The question I will ask local leaders in Albuquerque this week: What is it that makes your community unique? The village idiot is not what we’re talking about here. A historic church? An old plaza? A great mainstreet Downtown? How will you protect that and also make the unique physical attribute of your community the cornerstone of your efforts to revitalize your community?

The temptation is often to try to recreate something that is not native. Not local. Chain stores, big boxes, track housing. What author James Howard Kunstler calls “the geography of nowhere.” Kunstler, in his book
Home From Nowhere , argues that most American communities have lost their sense of place. In their eagerness to grow in the post-war era, traditional design models were abandoned. Only now, more than five decades later, are we realizing that what makes American cities beautiful and livable has been lost and must be rediscovered.

There are some great examples of this rediscovery in the Duke City. East Downtown (“EDo”) built on the success of the revitalization of one of Albuquerque’s best-known historic buildings, the old Albuquerque High, to propel the redevelopment of the whole corridor. Nob Hill used the old shops along the historic Route 66 to revitalize an area which is now the hippest in town.

There are also some great examples around the state. Las Vegas, with its revitalizing mainstreet, beautiful Plaza Hotel and plaza, is becoming a place where sense of place is important. Silver City’s mainstreet is vibrant with restaurants, bookstores, bars and the old Montgomery Ward building that is now a brand-new thriving small artistic tile business called Syzygy. Clayton is trying to use its historic Ekland Hotel and Luna Theater to create the original mainstreet feel of this crossroads community between New Mexico and Texas.

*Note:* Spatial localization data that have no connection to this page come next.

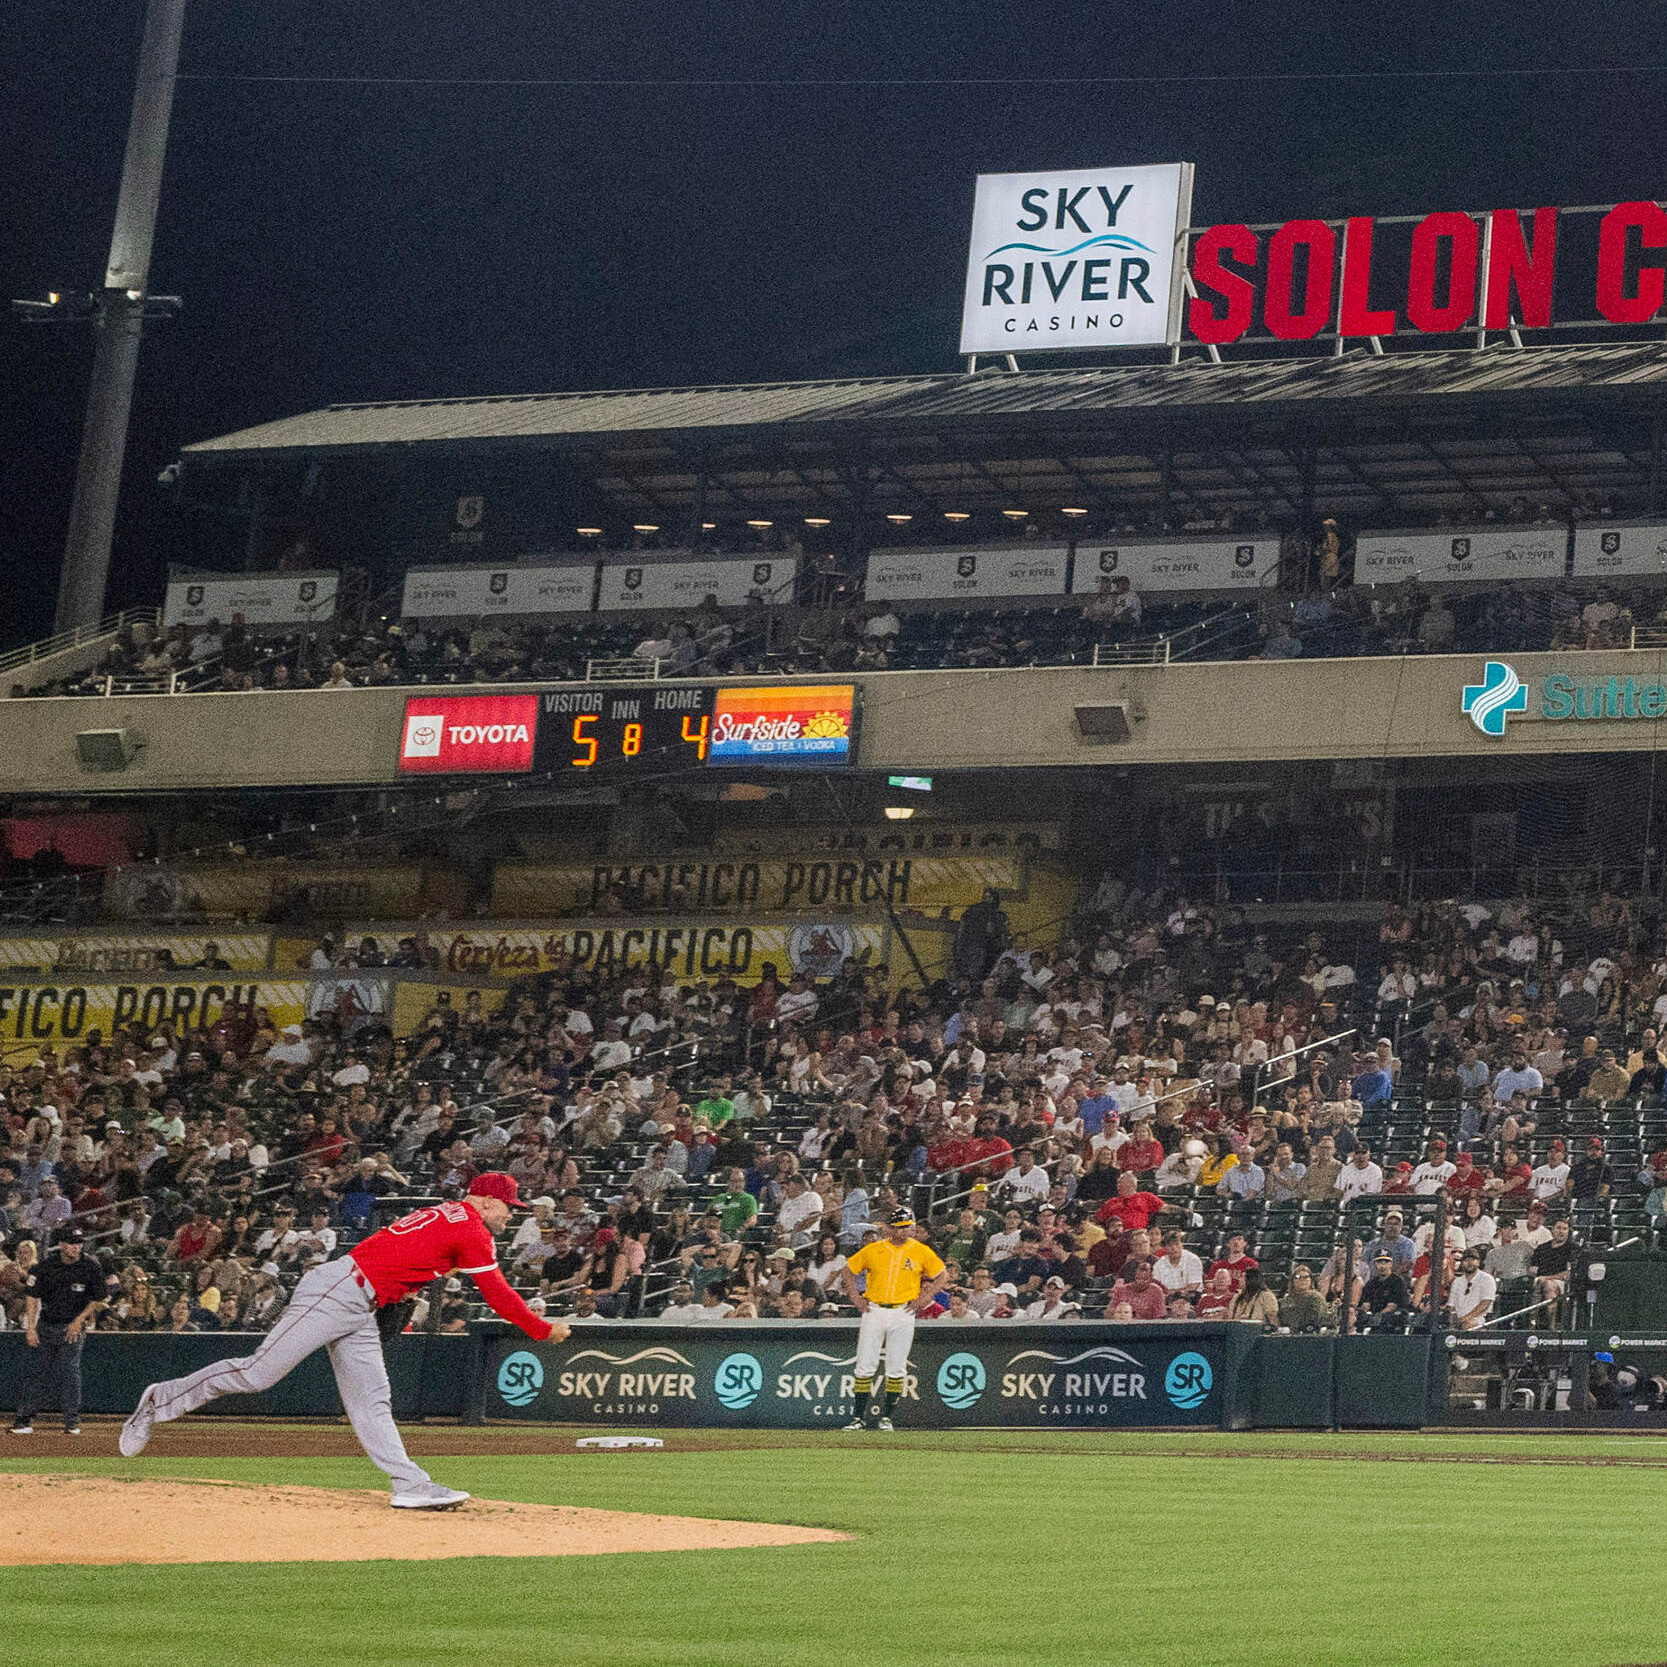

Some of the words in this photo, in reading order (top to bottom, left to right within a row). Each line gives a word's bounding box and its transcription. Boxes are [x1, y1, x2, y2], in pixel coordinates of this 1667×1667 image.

[1016, 184, 1134, 234] SKY
[981, 256, 1155, 307] RIVER
[1188, 203, 1560, 345] SOLON
[1004, 313, 1124, 333] CASINO
[544, 693, 604, 713] VISITOR
[611, 700, 640, 719] INN
[653, 690, 702, 710] HOME
[448, 723, 529, 745] TOYOTA
[571, 715, 600, 766] 5
[622, 723, 643, 756] 8
[681, 715, 710, 761] 4
[712, 713, 801, 745] Surfside
[752, 741, 774, 752] ICED
[783, 860, 912, 905] PORCH
[572, 927, 754, 977] PACIFICO
[505, 1362, 536, 1388] SR
[557, 1372, 612, 1399] SKY
[618, 1372, 697, 1400] RIVER
[722, 1364, 755, 1390] SR
[775, 1374, 832, 1401] SKY
[840, 1374, 921, 1401] RVR
[943, 1364, 978, 1390] SR
[1000, 1373, 1056, 1400] SKY
[1065, 1373, 1148, 1400] RIVER
[1172, 1363, 1206, 1390] SR
[593, 1403, 660, 1414] CASINO
[812, 1404, 881, 1416] CASIO
[1038, 1404, 1109, 1415] CASINO

Some local officials are fond of saying the only thing worse than sprawl (suburban growth at the city’s edge) is density (compact growth in the center of the city). Meaning, people hate strip malls and rapid housing growth on the fringe of the city, but they also hate bigger, denser development in their town center that creates more traffic, more parking problems and more headaches.

This “pro-growth” versus “anti-growth” dichotomy is too simplistic. The better question is: Can dynamic growth happen at the fringe of the city in addition to the center? Are there enough dollars to support both?

How we answer that question here in Burque and around the state means everything for our economic future. A centered city is vital to a sense of place. Let’s hope we can find it.